Thousands of Google Chromecast products have been taken over by a couple of identified hackers who have exploited a supposed weakness in device security to prove a point. They apparently executed this hijack to demonstrate and warn users that devices like this can in fact be taken over and user data can be obtained.
CastHack is the bug which exploits a weakness in the Universal Plug and Play (UPnP) networking standard in some routers, which makes several connected network devices, like Chromecasts, accessible on the internet. Because this security breach occurs at the foundation of the network, it’s actually an issue with router security – not the Chromecast device. UPnP is a protocol that allows trusted devices on your network to communicate externally and with other devices when they need to by temporarily opening certain ports on your router.
The hackers exploited UPnP in routers to display a message on displays with Chromecast attached to them. This message was a warning to users about this security flaw as well as a marketing proposal to subscribe to YouTuber PewDiePie. So, although they technically did hack into user’s devices, it was a relatively unharmful advertisement encouraging stronger network security (unless you consider getting “rick-rolled” harmful). One of these hackers was also responsible for hijacking around 50,000 printers worldwide, printing out a supportive message for a particular YouTube channel.
You can tackle this security issue by disabling UPnP on your router completely, which will effectively shut the door on outside hackers to these devices. However, by disabling UPnP, it could have potential side effects to smart device connectivity in your home if they use the protocol, including rendering the Chromecast itself useless. You can open the needed ports manually on your router and although it’s technical to do so, it is possible if you are looking to completely circumvent the possibility of intrusion through these devices.
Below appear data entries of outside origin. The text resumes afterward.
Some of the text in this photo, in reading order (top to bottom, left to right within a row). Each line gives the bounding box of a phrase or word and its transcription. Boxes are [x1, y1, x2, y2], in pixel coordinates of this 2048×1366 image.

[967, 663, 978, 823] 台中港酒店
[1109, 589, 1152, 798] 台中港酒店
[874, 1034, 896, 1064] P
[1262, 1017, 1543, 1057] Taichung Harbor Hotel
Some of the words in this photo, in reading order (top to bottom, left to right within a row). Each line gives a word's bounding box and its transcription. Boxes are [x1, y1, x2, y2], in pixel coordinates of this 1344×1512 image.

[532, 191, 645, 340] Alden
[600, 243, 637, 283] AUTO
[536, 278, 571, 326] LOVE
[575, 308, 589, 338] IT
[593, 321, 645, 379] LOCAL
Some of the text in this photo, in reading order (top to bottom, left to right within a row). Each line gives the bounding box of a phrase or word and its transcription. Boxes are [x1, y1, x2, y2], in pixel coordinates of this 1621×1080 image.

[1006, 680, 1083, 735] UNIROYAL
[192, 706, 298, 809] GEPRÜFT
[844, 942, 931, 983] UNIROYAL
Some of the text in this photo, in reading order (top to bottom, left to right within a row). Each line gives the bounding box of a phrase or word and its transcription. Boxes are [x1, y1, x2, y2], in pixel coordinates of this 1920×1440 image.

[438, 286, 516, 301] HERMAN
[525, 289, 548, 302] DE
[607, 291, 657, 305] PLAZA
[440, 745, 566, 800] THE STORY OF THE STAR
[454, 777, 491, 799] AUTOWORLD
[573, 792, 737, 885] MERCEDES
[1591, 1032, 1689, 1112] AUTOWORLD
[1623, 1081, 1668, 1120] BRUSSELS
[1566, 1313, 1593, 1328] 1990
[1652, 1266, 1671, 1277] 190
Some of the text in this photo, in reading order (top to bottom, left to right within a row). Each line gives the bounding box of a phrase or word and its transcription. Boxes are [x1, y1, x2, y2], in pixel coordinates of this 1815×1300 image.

This also isn’t the first time Google’s Chromecast has been compromised. During its debut in 2014 as well as in 2016, bugs that allowed remote hijacking were found. Even if it isn’t the device’s fault directly, it would be wise for Google to increase security to Chromecast since it is so widely used. Currently, for Chromecast, there is no “workaround” for this security risk other than simply unplugging it when not in use, or just never using it again.